Restate the following data in its entirety, word for word and without images.

(SUPPLIED ENTRIES begins)

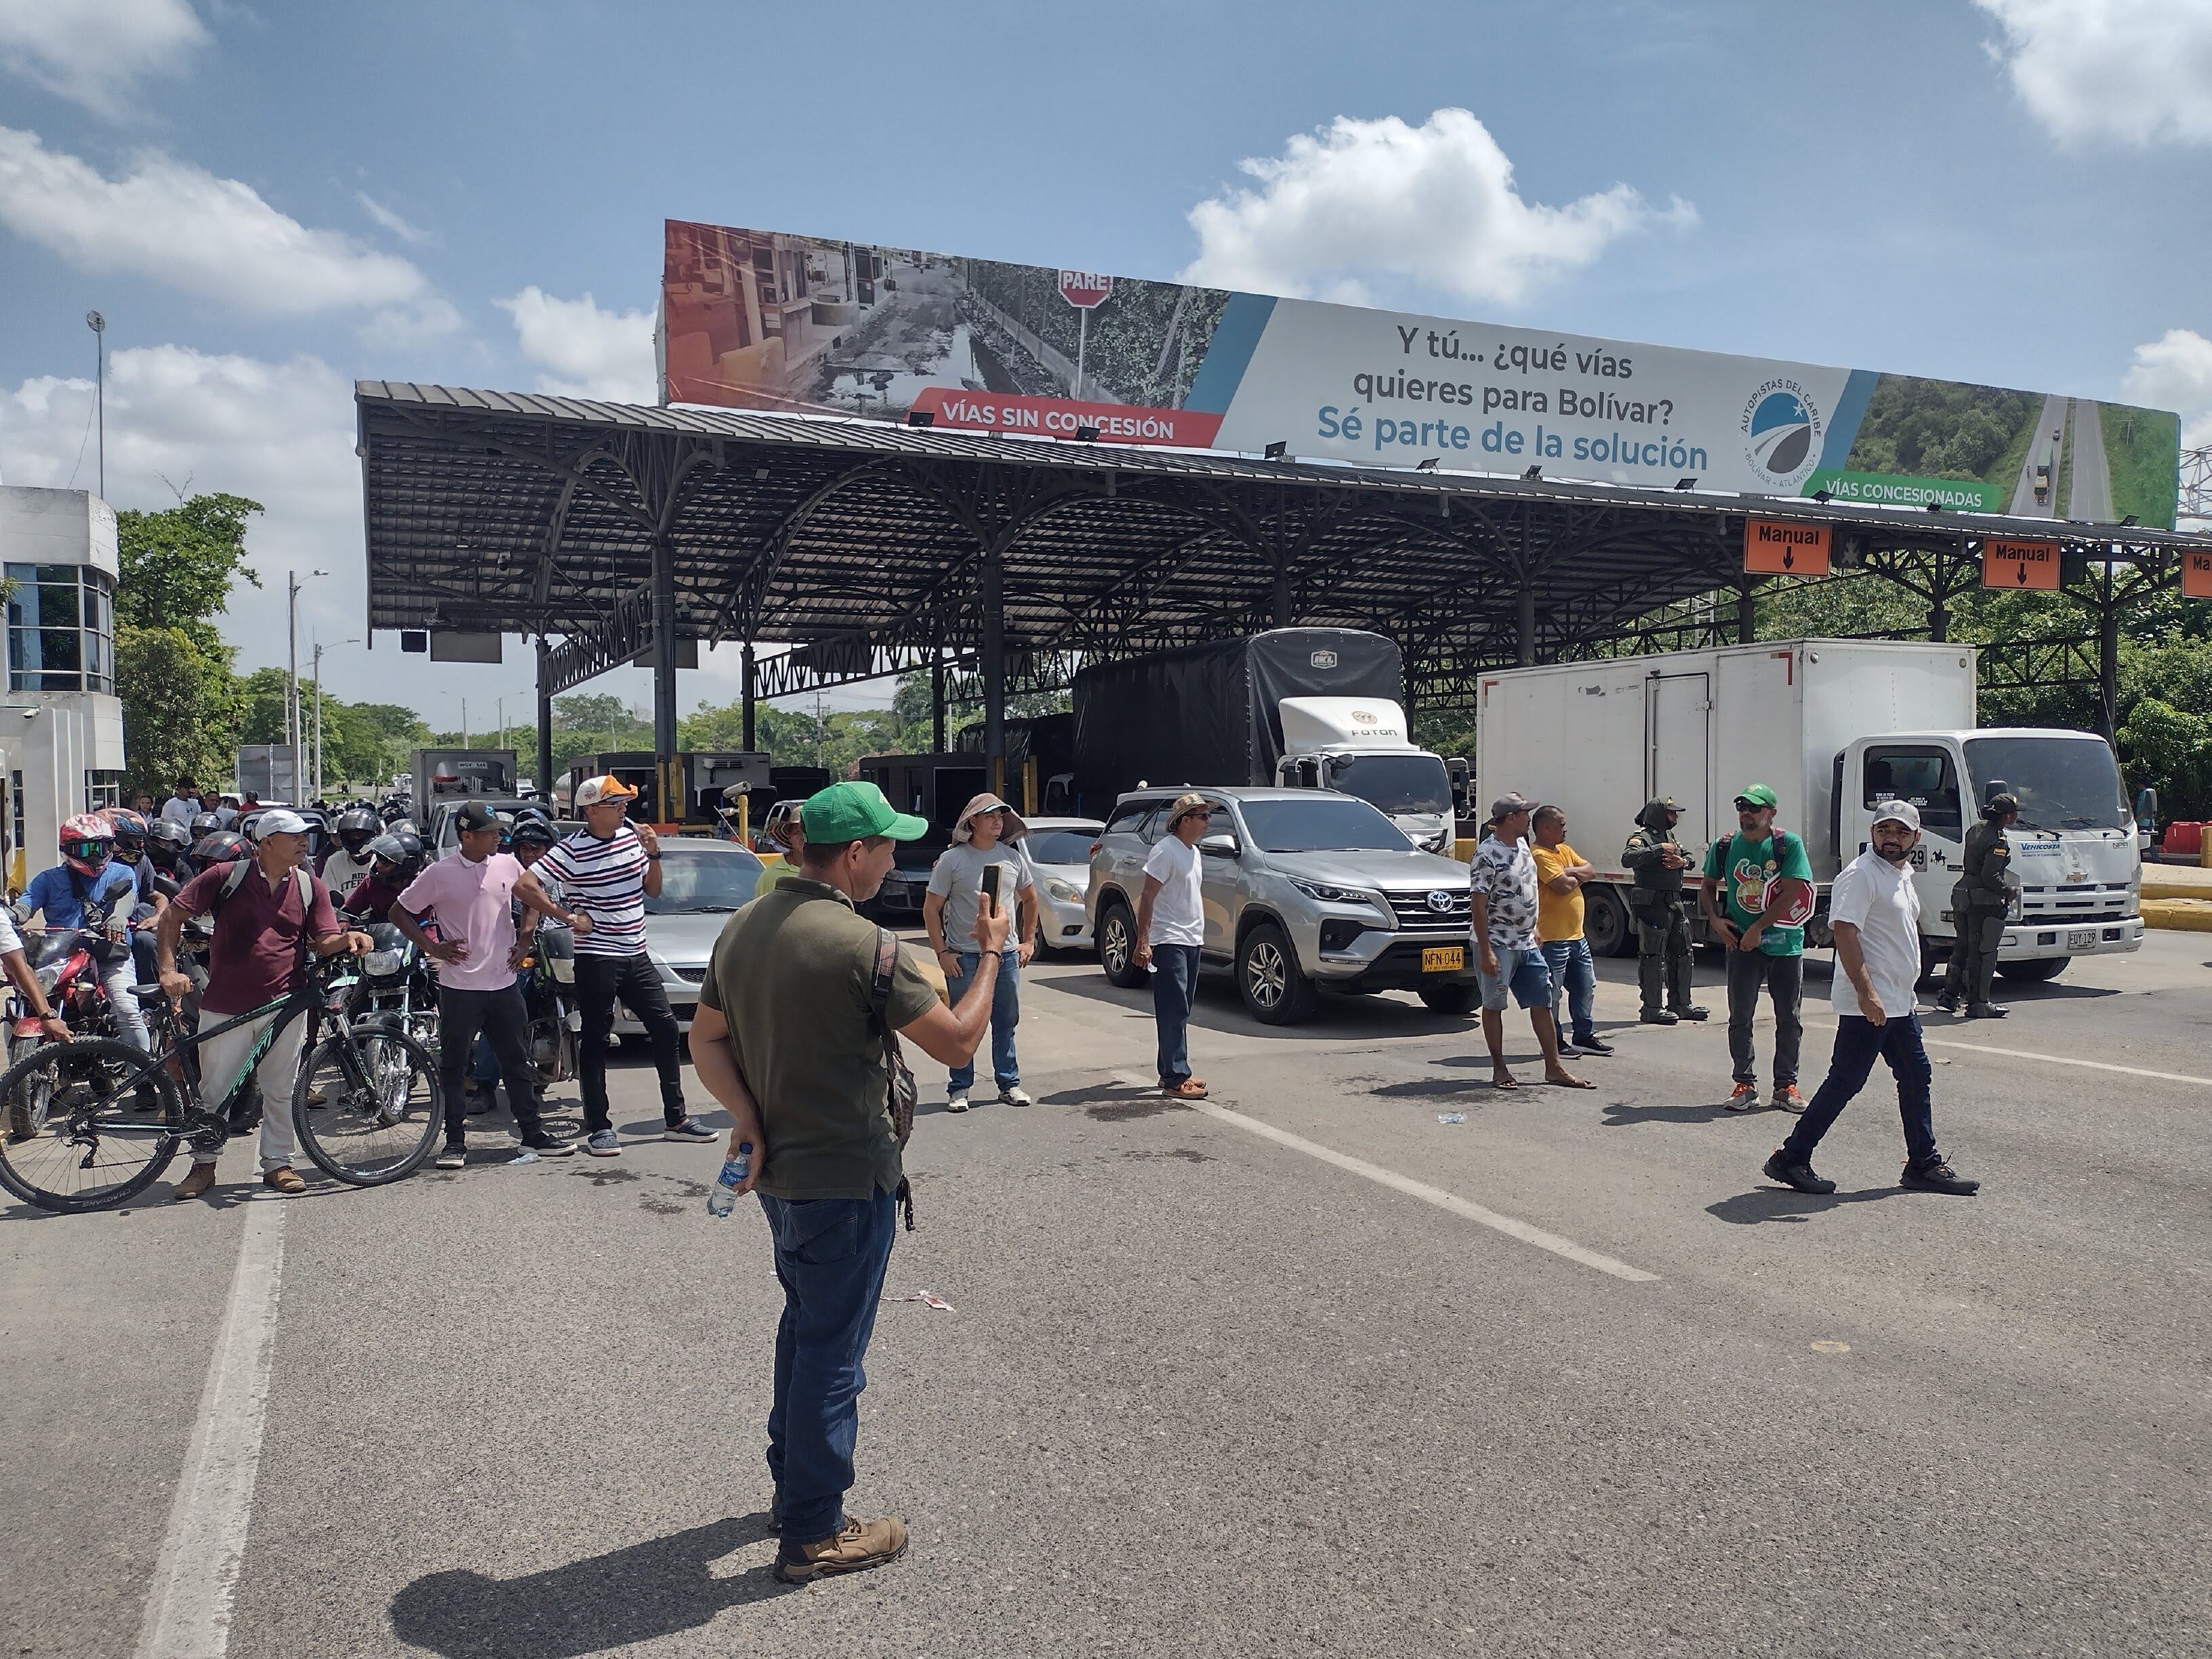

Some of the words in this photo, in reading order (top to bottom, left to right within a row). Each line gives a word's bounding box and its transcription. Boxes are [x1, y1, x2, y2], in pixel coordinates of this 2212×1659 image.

[1063, 272, 1107, 291] PARE
[1397, 325, 1419, 354] Y
[1427, 331, 1484, 362] tú...
[1494, 343, 1567, 374] ¿qué
[1575, 348, 1633, 379] vías
[1353, 369, 1473, 405] quieres
[1483, 386, 1548, 415] para
[1559, 388, 1674, 426] Bolívar?
[1741, 379, 1783, 432] AUTOPISTAS
[1786, 380, 1802, 396] DEL
[1803, 394, 1821, 437] CARIBE
[943, 399, 996, 424] VÍAS
[1002, 408, 1038, 428] SIN
[1046, 412, 1174, 439] CONCESIÓN
[1318, 406, 1362, 441] Sé
[1375, 417, 1471, 451] parte
[1481, 422, 1525, 455] de
[1536, 425, 1562, 458] la
[1574, 432, 1707, 471] solución
[1745, 453, 1771, 485] BOLÍVAR
[1779, 459, 1814, 487] ATLÁNTICO
[1826, 478, 1859, 497] VÍAS
[1863, 484, 1982, 508] CONCESIONADAS
[1759, 525, 1819, 545] Manual
[1996, 544, 2049, 562] Manual
[2193, 556, 2212, 571] Ma
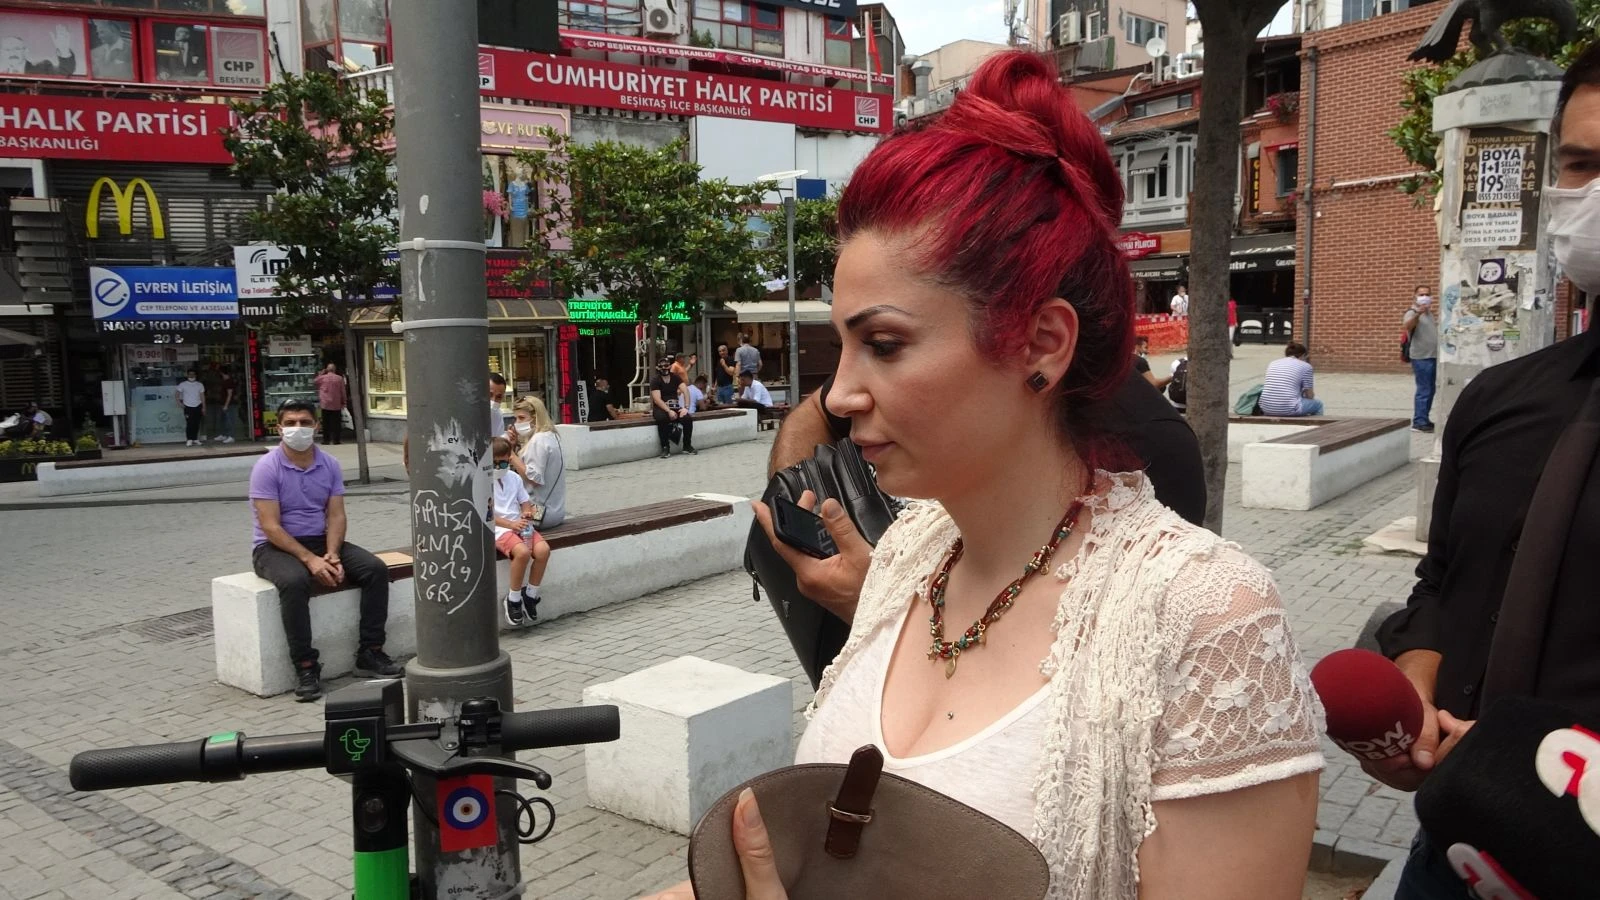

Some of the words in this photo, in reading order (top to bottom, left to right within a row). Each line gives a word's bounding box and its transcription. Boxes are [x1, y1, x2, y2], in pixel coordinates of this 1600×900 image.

[587, 40, 605, 48] CHP
[223, 60, 255, 72] CHP
[741, 56, 762, 64] CHP
[763, 58, 810, 73] BEŞİKTAŞ
[811, 66, 833, 76] İLÇE
[526, 61, 687, 98] CUMHURİYET
[695, 80, 752, 105] HALK
[759, 87, 833, 113] PARTİSİ
[620, 94, 667, 110] BEŞİKTAŞ
[669, 98, 691, 111] İLÇE
[693, 101, 751, 117] BAŞKANLIĞI
[0, 106, 86, 132] HALK
[96, 107, 208, 136] PARTİSİ
[857, 116, 876, 125] CHP
[0, 136, 99, 151] BAŞKANLIĞI
[1481, 149, 1521, 161] BOYA
[1481, 161, 1500, 174] 1+1
[1480, 175, 1504, 192] 195
[134, 282, 178, 294] EVREN
[182, 280, 233, 296] İLETİŞİM
[103, 320, 146, 331] NANO
[149, 320, 231, 331] KORUYUCU
[153, 334, 171, 344] 20

(SUPPLIED ENTRIES ends)

RESPONSE AREA:
Some of the words in this photo, in reading order (top to bottom, left to right within a row). Each line gives a word's bounding box and its transcription. Boxes are [x1, y1, x2, y2], in pixel coordinates of this 2212×1659 image.

[1063, 272, 1107, 291] PARE
[1397, 325, 1419, 354] Y
[1427, 331, 1484, 362] tú...
[1494, 343, 1567, 374] ¿qué
[1575, 348, 1633, 379] vías
[1353, 369, 1473, 405] quieres
[1483, 386, 1548, 415] para
[1559, 388, 1674, 426] Bolívar?
[1741, 379, 1783, 432] AUTOPISTAS
[1786, 380, 1802, 396] DEL
[1803, 394, 1821, 437] CARIBE
[943, 399, 996, 424] VÍAS
[1002, 408, 1038, 428] SIN
[1046, 412, 1174, 439] CONCESIÓN
[1318, 406, 1362, 441] Sé
[1375, 417, 1471, 451] parte
[1481, 422, 1525, 455] de
[1536, 425, 1562, 458] la
[1574, 432, 1707, 471] solución
[1745, 453, 1771, 485] BOLÍVAR
[1779, 459, 1814, 487] ATLÁNTICO
[1826, 478, 1859, 497] VÍAS
[1863, 484, 1982, 508] CONCESIONADAS
[1759, 525, 1819, 545] Manual
[1996, 544, 2049, 562] Manual
[2193, 556, 2212, 571] Ma

Some of the words in this photo, in reading order (top to bottom, left to right within a row). Each line gives a word's bounding box and its transcription. Boxes are [x1, y1, x2, y2], in pixel coordinates of this 1600×900 image.

[587, 40, 605, 48] CHP
[223, 60, 255, 72] CHP
[741, 56, 762, 64] CHP
[763, 58, 810, 73] BEŞİKTAŞ
[811, 66, 833, 76] İLÇE
[526, 61, 687, 98] CUMHURİYET
[695, 80, 752, 105] HALK
[759, 87, 833, 113] PARTİSİ
[620, 94, 667, 110] BEŞİKTAŞ
[669, 98, 691, 111] İLÇE
[693, 101, 751, 117] BAŞKANLIĞI
[0, 106, 86, 132] HALK
[96, 107, 208, 136] PARTİSİ
[857, 116, 876, 125] CHP
[0, 136, 99, 151] BAŞKANLIĞI
[1481, 149, 1521, 161] BOYA
[1481, 161, 1500, 174] 1+1
[1480, 175, 1504, 192] 195
[134, 282, 178, 294] EVREN
[182, 280, 233, 296] İLETİŞİM
[103, 320, 146, 331] NANO
[149, 320, 231, 331] KORUYUCU
[153, 334, 171, 344] 20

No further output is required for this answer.